Executed between 1916 and 1917, while Schmidt Rottluff was stationed in the press department of General von Hindenburg's headquarters in Russia, Grüner Kopf (Green Head) is one of a rare group of outstanding sculptures made by Schmidt-Rottluff at this time, which form the culmination of his Expressionist art.
Schmidt-Rottluff turned to the making of sculpture primarily because he was unable to paint at this time. Fusing all that he had learned about the reduction of form to its essential expressive intensity from African and Oceanic sculpture, as well as in his own explorations in drawing painting and printmaking, Schmidt-Rottluff brought all these energies to bear in the sequence of wood-carved sculptures he made in Russia. Drawing on a variety of types of wood found in the nearby forest, Schmidt-Rottluff set about creating works in which both the image of the figure and the natural growth of the wood interwove, to generate forceful animist portraits of the existential power of man.
The art historian and co-organizer of the Sonderbund exhibition, Wilhelm Niemeyer, who was also a close friend of Schmidt-Rotluff's and the owner of this work, described these sculptures as follows: 'Not the content, but the deepest creative spirit of natural peoples is in Schmidt-Rottluff's art, which is entirely structural in form. In order to arrive at his purely spiritual creation, he completely breaks down the natural appearance into units of pure imaginative form and out of these units reconstructs the worldview as a structure of deep intimacy... In dealing with all this, there is no talk of exterior, intended imitation, this affinity of form is an inner harmony.
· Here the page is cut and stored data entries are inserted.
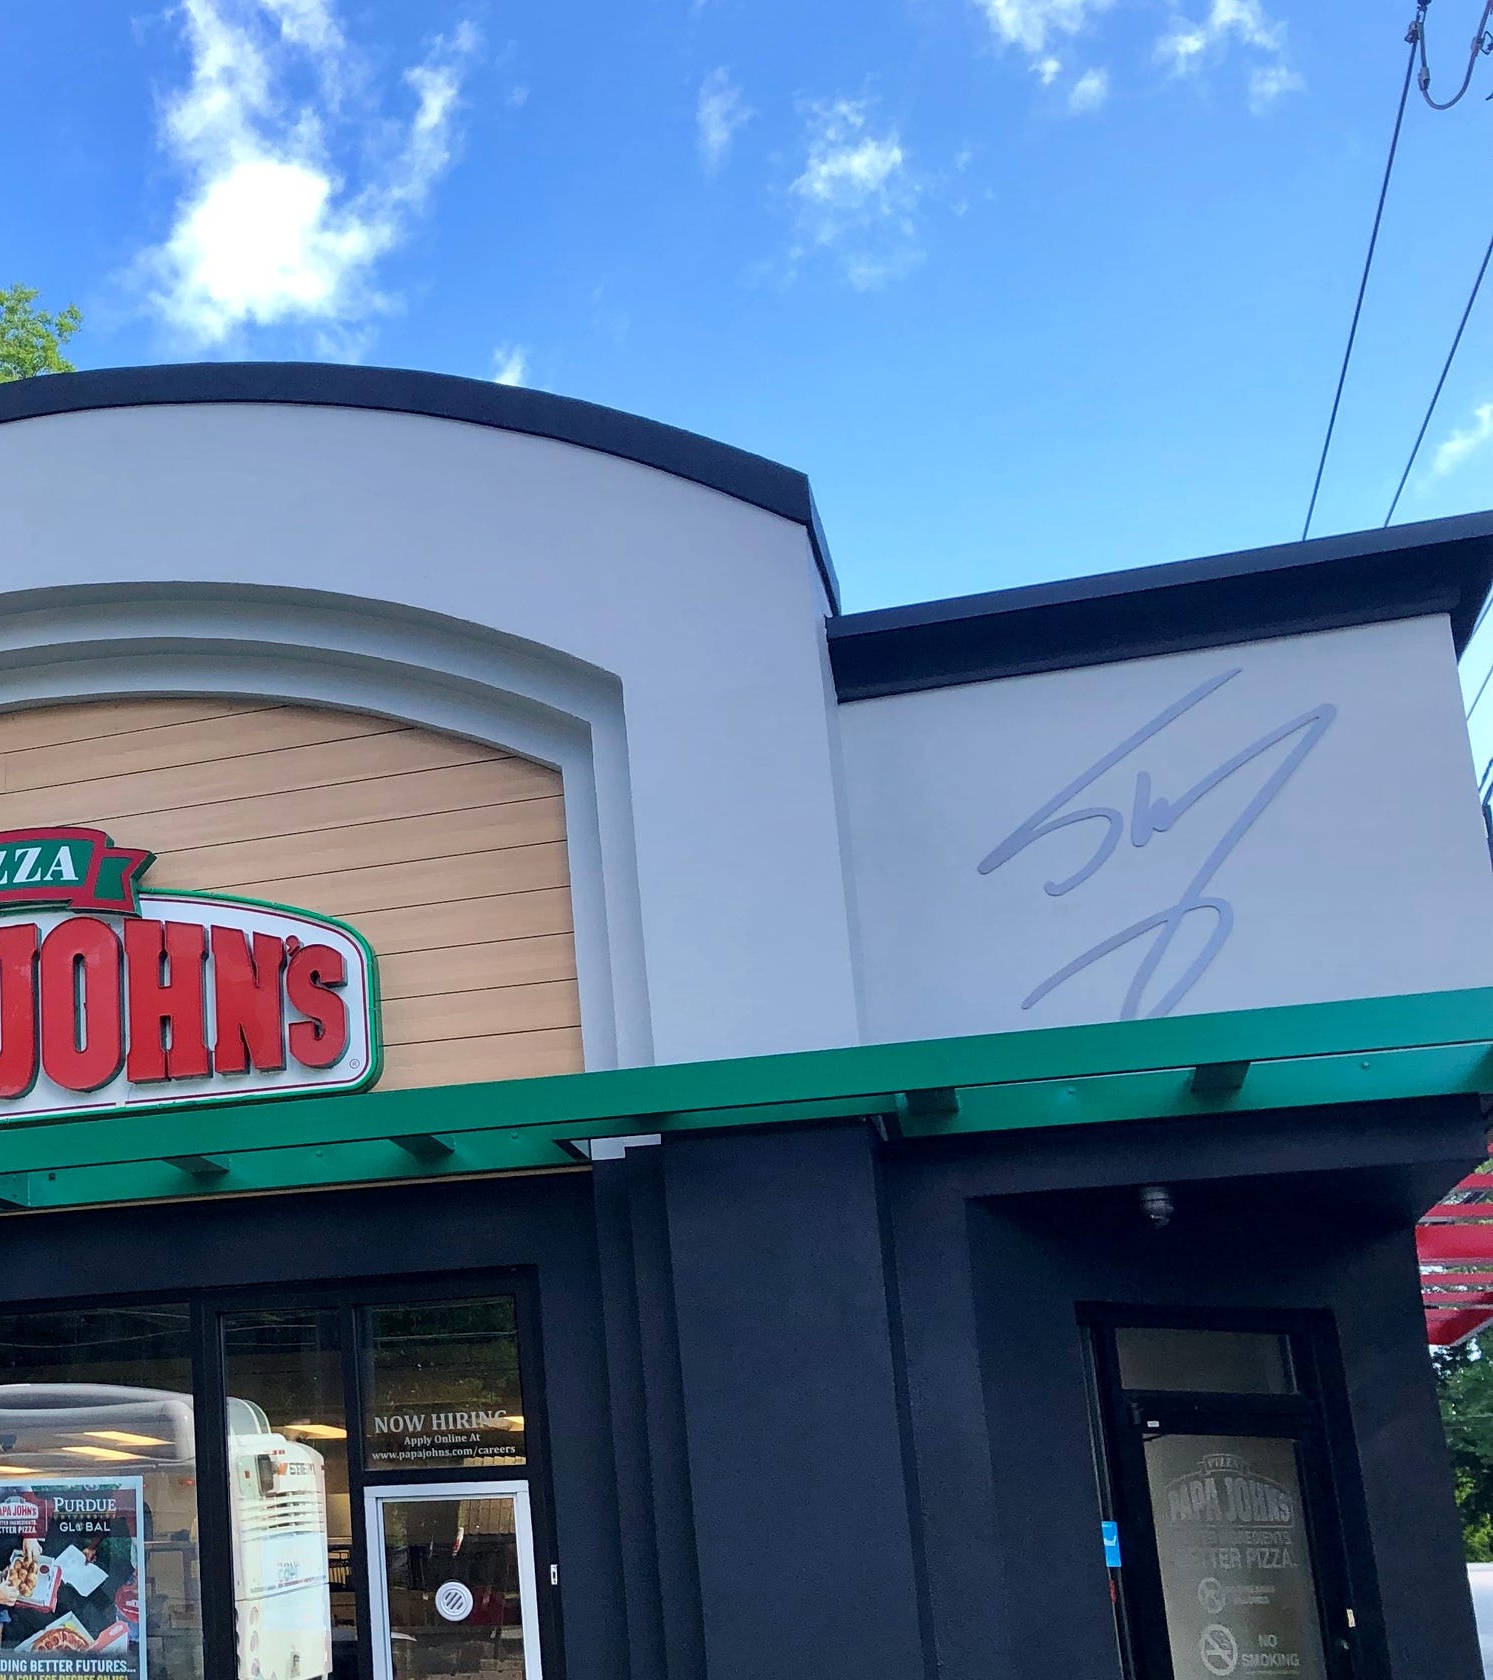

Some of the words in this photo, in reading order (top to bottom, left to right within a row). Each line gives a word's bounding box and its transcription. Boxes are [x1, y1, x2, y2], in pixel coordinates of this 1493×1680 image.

[374, 1414, 425, 1434] NOW
[403, 1436, 432, 1447] Apply
[434, 1434, 468, 1444] Online
[469, 1433, 481, 1442] At
[371, 1445, 516, 1461] www.papajohns.com/careers
[52, 1497, 117, 1512] PURDUE
[1258, 1634, 1277, 1648] NO
[30, 1659, 73, 1672] BETTER
[76, 1659, 136, 1673] FUTURES...
[1241, 1653, 1300, 1667] SMOKING
A new feeling for the earth, which lifts European man above his narrower, more familiar artistic traditions' (Wilhelm Niemeyer, 1921, quoted in G. Wietek, 'Wilhelm Niemeyer und Karl Schmidt-Rottluff', Nordelbingen, vol. 49, 197, p. 112.)
Sharply incised with a series of fierce, direct and angular cuts into the wood, Grüner Kopf is one of the most forceful and strongest of all the intense figure sculptures that Schmidt-Rottluff made during the war. Marking a collision of form between lightning-like cuts and the vigorous grain of the wood, the sculpture conveys a mighty image of man. Extended onto a large scale and personifying all the raw power of the Brücke' group's atavistic love of the primitive, it presents the image of a dramatic and imposing personage whose ancient spirit seems to both impregnate and inhabit the wood. It is in this respect that Grüner Kopf strongly reflects the sense of the spirit of the whole figure condensed into the head -- as if, as Schmidt-Rottluff once wrote, it was the 'gathering point of the whole psyche, of all expression'.
'On various occasions I arrived at an intensification of forms which, to be sure, contradicts scientifically determined proportions yet in its spiritual dimension is well balanced. In relation to other parts of the body, in many instances I increased the head to monstruos size -- it is the gathering point of the whole psyche, of all expression. But all other parts of the body tend in their spiritual motions toward the head; they gather in it. Thus the form develops such large scale completely on its own' (Karl Schmidt-Rottluff, quoted in German Expressionist Sculpture, op. cit., p. 183).